Más pega para la Coca Cola

viernes, 9 de diciembre de 2016 · 00:00
Los dedos se apuntan para encontrar "culpables” por el desabastecimiento de agua y una tragedia aérea con dimensiones dantescas. En pocos casos la frustración se convierte incluso en racismo. Culpar a códigos genéticos (ADN), o a una cultura, por las desavenencias de un modelo de desarrollo es de extrema ignorancia. Pero apuntar la irritación hacia gobernantes muy bien intencionados es perder el bosque por los árboles.  La culpa no es de uno o de otro, es de la suma de políticas que hacen al modelo llamado "Socialismo del Siglo XXI”.

 La responsabilidad de la mala administración de los recursos del Estado, o de llevar a cabo un plan de vuelo descabellado, es una responsabilidad individual. Que no se me malinterprete. Pero existe una realidad que va más allá de la intencionalidad, capacidad de gestión o inversión de recursos en bienes cada vez más suntuosos. Y esa realidad es el mapa de navegación con el cual se pretende sacar a Bolivia del subdesarrollo.
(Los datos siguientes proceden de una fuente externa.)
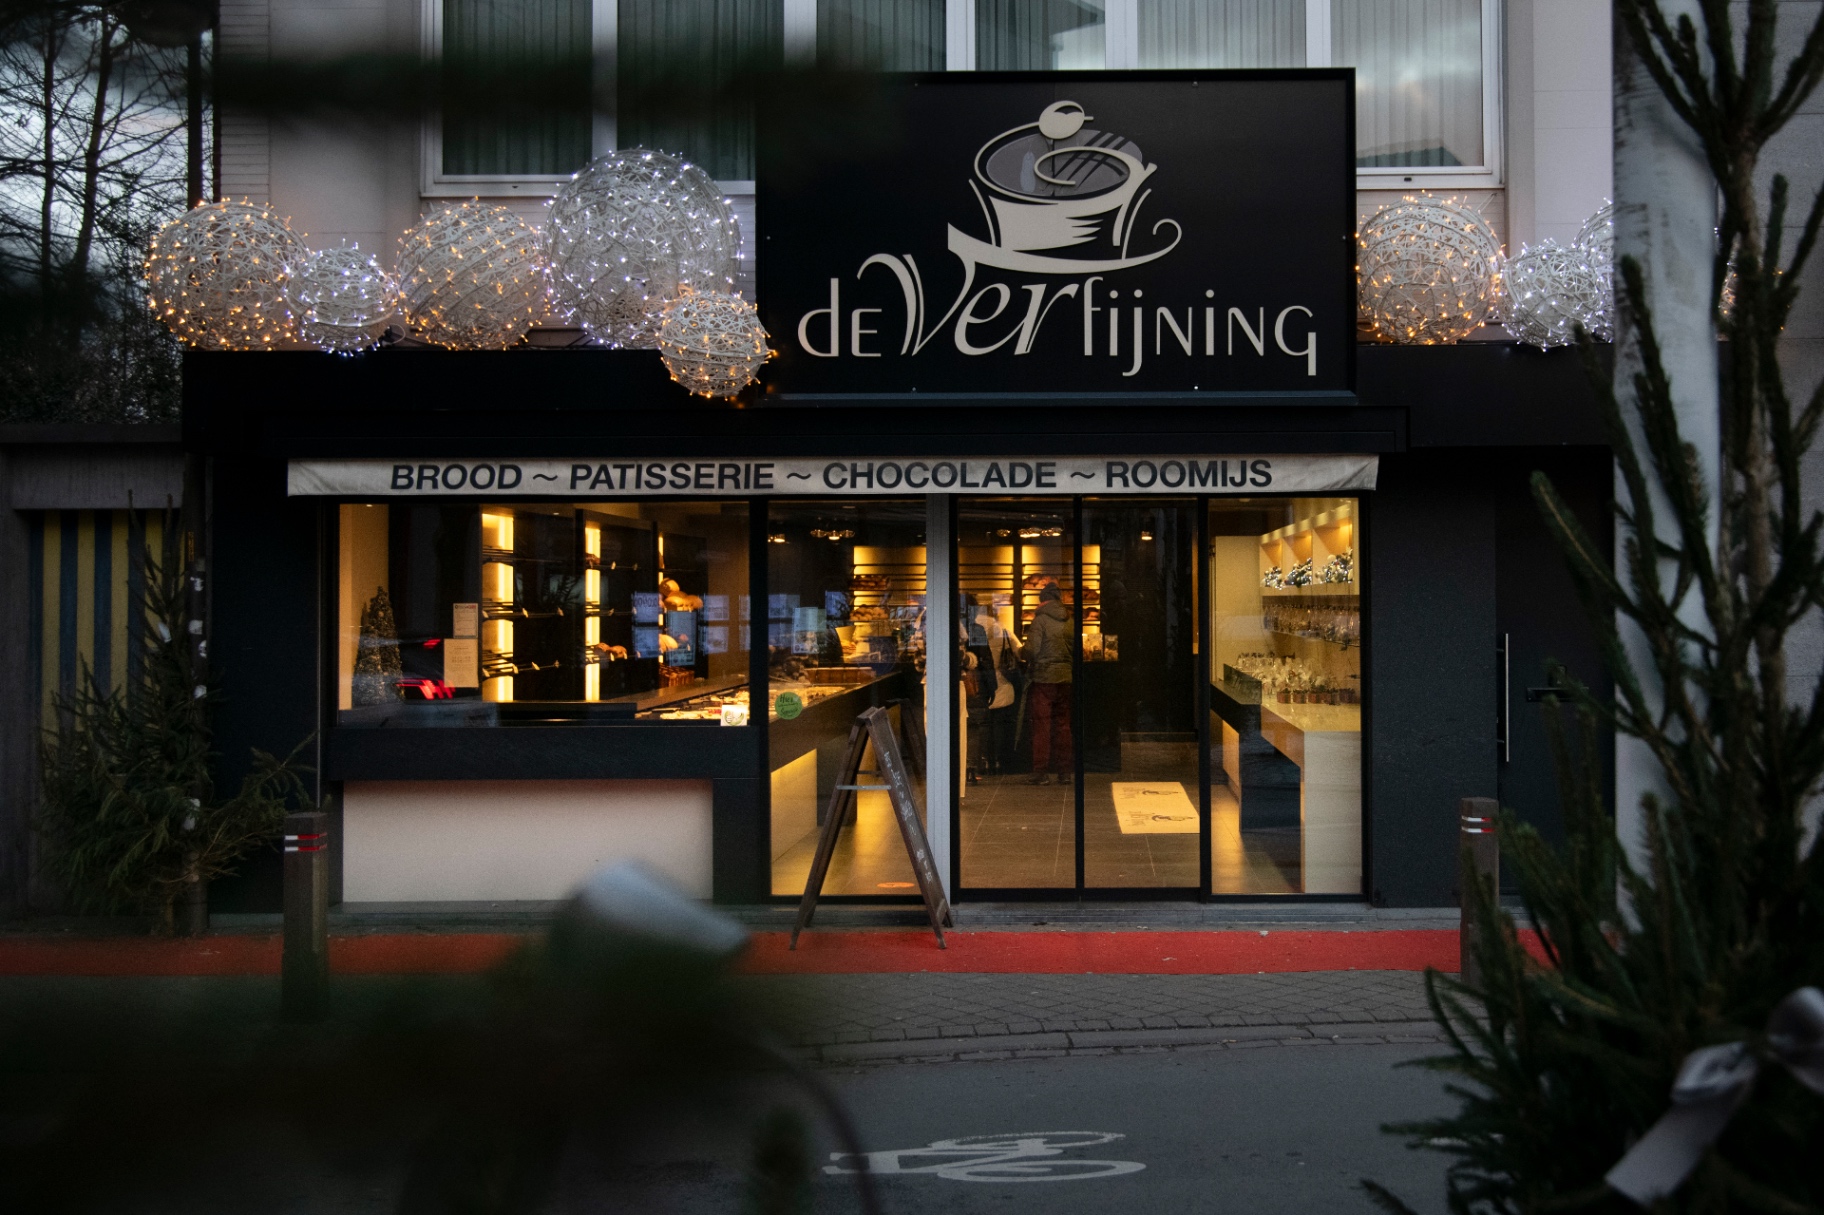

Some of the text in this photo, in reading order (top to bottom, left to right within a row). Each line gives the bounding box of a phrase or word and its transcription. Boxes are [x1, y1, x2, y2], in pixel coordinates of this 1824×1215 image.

 Para muestra botones vecinos: Argentina y Brasil. Ambos países vivieron bajo el mando de socialistas de gran corazón bonanzas y reivindicaciones sociales ficticias. Todo lo que el pueblo supuestamente avanzó, ahora debe pagar con creces, en un entorno económico que por muy desgastado, no evita que se sigan flameando las banderas de la "revolución”. Ni hablar de otras revoluciones, que requieren de grandes dosis de propaganda para perpetuar la ilusión del bien vivir, cuando en realidad vivir con dignidad había sido una apuesta muy costosa.

 Seguir profundizando sobre  los potenciales avatares de un estatismo fuera de control es arar en el desierto. Parece que el análisis económico es árido y en épocas de fiesta se prefiere verter bilis, entre tragos de cuba libre. Tal vez sea más ilustrativo señalar que, habiéndose rasgado las vestiduras por el "derecho humano al agua”, el modelo de desarrollo esté desencadenando en la crisis muy bien conocida. Resulta por lo tanto irónico que quien se beneficia de represas llenas, pero sistemas de distribución sin inversión y mal administrados es la Coca Cola Company, cuyas ventas de agua embotellada seguramente alcanzan niveles históricos. 
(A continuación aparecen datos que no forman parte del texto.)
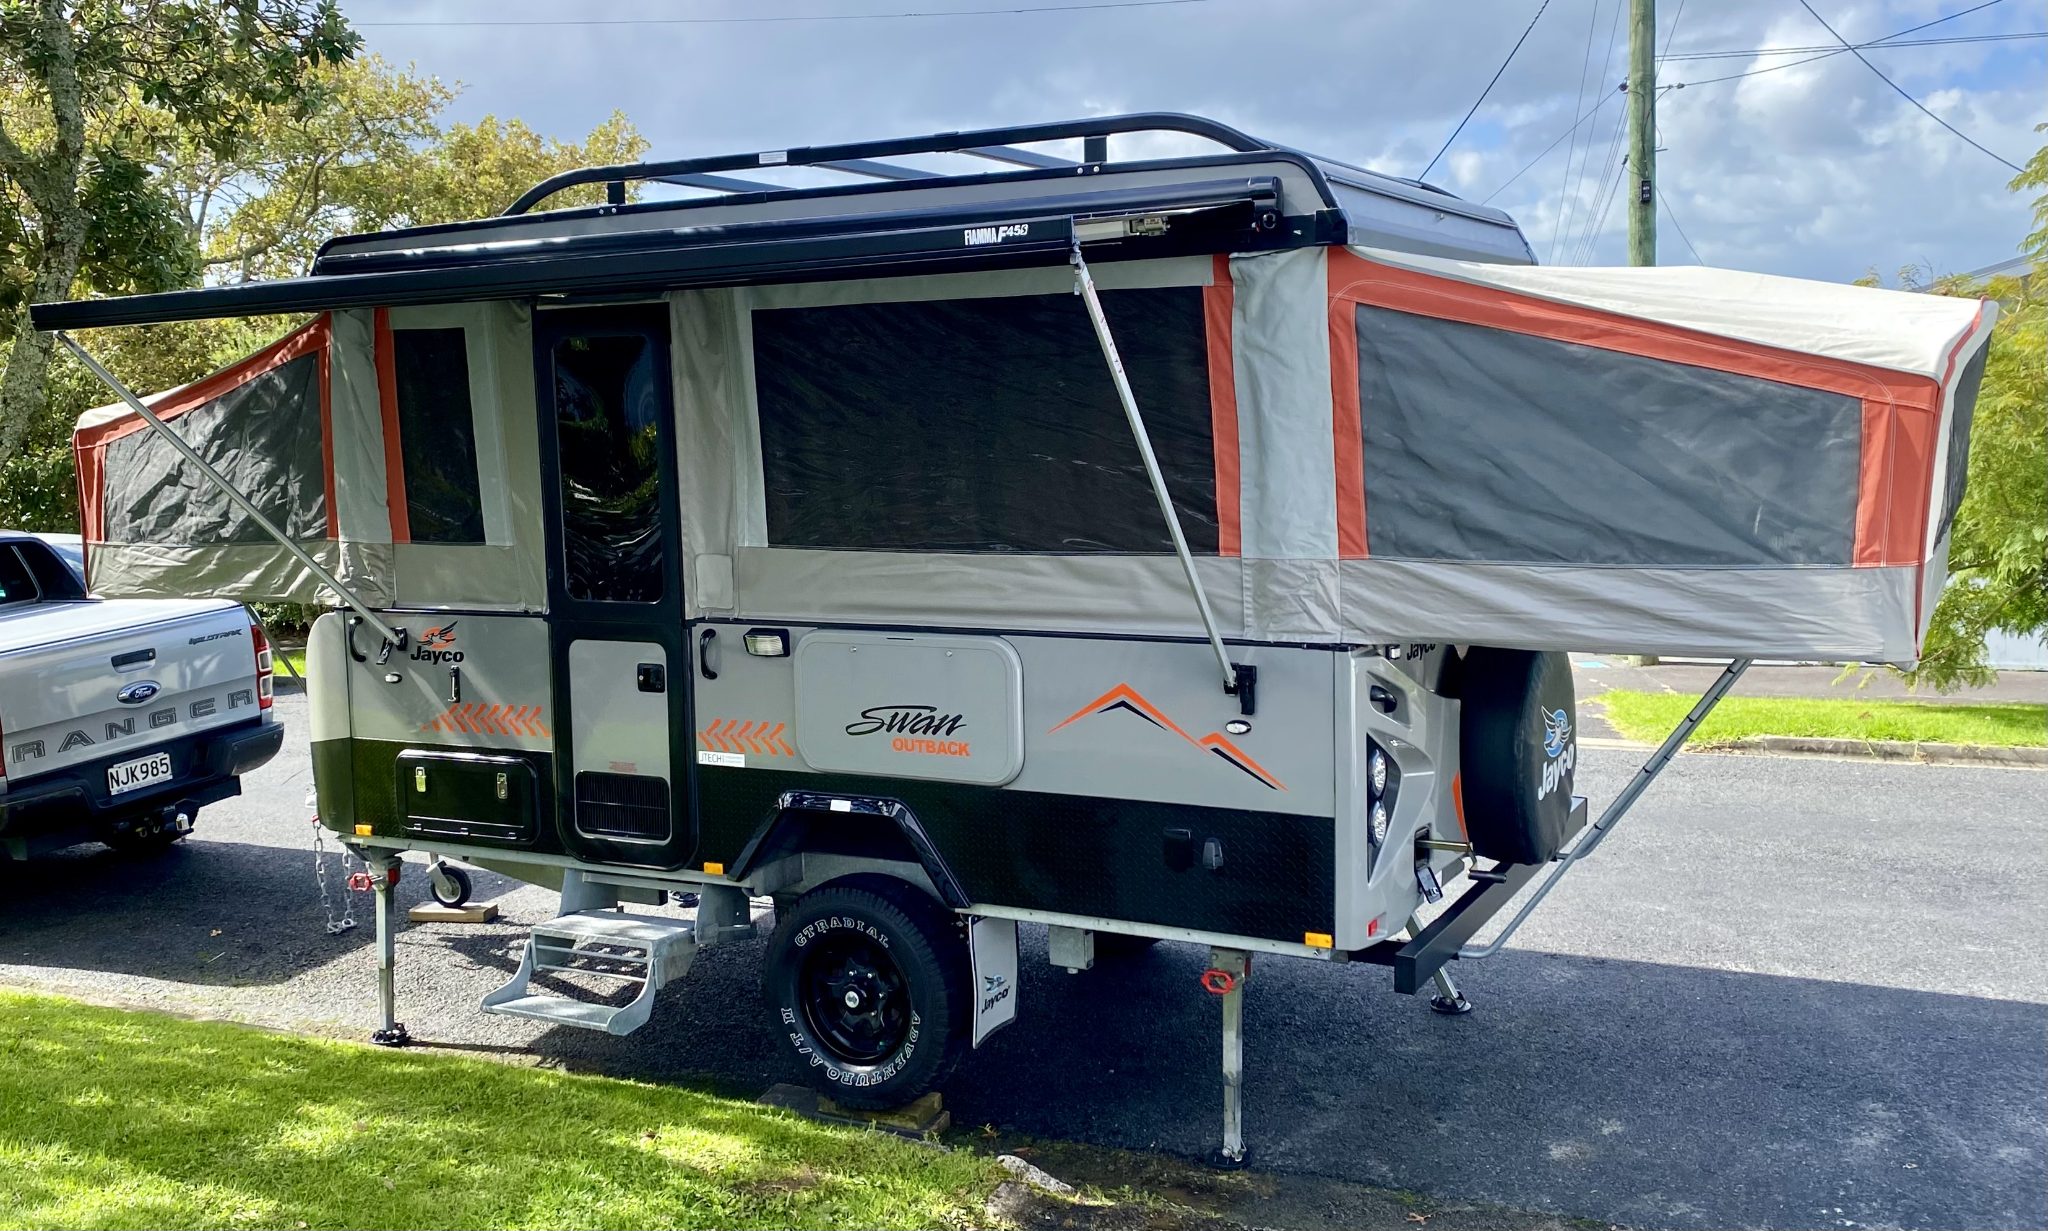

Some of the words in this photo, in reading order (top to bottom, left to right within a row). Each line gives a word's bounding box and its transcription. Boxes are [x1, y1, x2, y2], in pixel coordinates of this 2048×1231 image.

[964, 227, 997, 246] FIAMMA
[410, 646, 464, 665] Jayco
[134, 686, 152, 699] Ford
[12, 688, 253, 764] RANGER
[845, 705, 967, 736] Swan
[892, 738, 971, 757] OUTBACK
[109, 757, 170, 789] NJK985
[1538, 743, 1575, 801] Jayco
[981, 987, 1009, 1014] Jayco
[790, 1032, 824, 1067] A/T
[826, 1010, 921, 1087] ADVENTURO
 Más doloroso aun es el precio que paga Bolivia por su nueva e ilustre popularidad en el barrio. Si bien Bolivia ahora está en el mapa, resulta un tanto indignante que también sea por el nivel de improvisación, permisividad y discrecionalidad a la hora de implementar normas básicas. 

 Quienes diseñaron las normas de aviación, por ejemplo, supusieron (tal vez mal) que el instinto de supervivencia sería mayor que la necesidad de circunnavegar alrededor de protocolos tan básicos como tener suficiente gasolina. No obstante, en un entorno político donde lo recomendable es "meterle no más”, un piloto arriesgó no solamente su vida, sino la de 70 inocentes pasajeros que, de haber conocido su estrategia de vuelo, seguramente hubiesen arremetido para obligar una mínima decencia. 

 Lo que hubo en su lugar fue la arrogancia de aquel que no teme consecuencias, en este caso la más final y determinante de todas. Y ante el llanto colectivo de un pueblo indignado, lo que queda es aprender la lección: cuando el piloto maneja el avión con imprudencia, otros deben interceder para que su poder y discreción no sean absolutos. El piloto de LaMia no debía rendir cuentas a nadie, por lo que su osadía fue total y las consecuencias fatales.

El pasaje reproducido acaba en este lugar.